Produce a word-for-word copy of the data below.

::: THE DATA

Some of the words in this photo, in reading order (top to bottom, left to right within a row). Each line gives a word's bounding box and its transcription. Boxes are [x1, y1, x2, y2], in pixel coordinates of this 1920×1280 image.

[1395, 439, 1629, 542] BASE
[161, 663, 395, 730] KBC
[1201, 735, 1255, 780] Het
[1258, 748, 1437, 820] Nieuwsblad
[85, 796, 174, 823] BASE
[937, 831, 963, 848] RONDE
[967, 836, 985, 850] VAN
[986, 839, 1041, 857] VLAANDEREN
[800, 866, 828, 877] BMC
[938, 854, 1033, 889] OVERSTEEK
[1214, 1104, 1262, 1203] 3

::::::

RESPONSE BELOW:
Some of the words in this photo, in reading order (top to bottom, left to right within a row). Each line gives a word's bounding box and its transcription. Boxes are [x1, y1, x2, y2], in pixel coordinates of this 1920×1280 image.

[1395, 439, 1629, 542] BASE
[161, 663, 395, 730] KBC
[1201, 735, 1255, 780] Het
[1258, 748, 1437, 820] Nieuwsblad
[85, 796, 174, 823] BASE
[937, 831, 963, 848] RONDE
[967, 836, 985, 850] VAN
[986, 839, 1041, 857] VLAANDEREN
[800, 866, 828, 877] BMC
[938, 854, 1033, 889] OVERSTEEK
[1214, 1104, 1262, 1203] 3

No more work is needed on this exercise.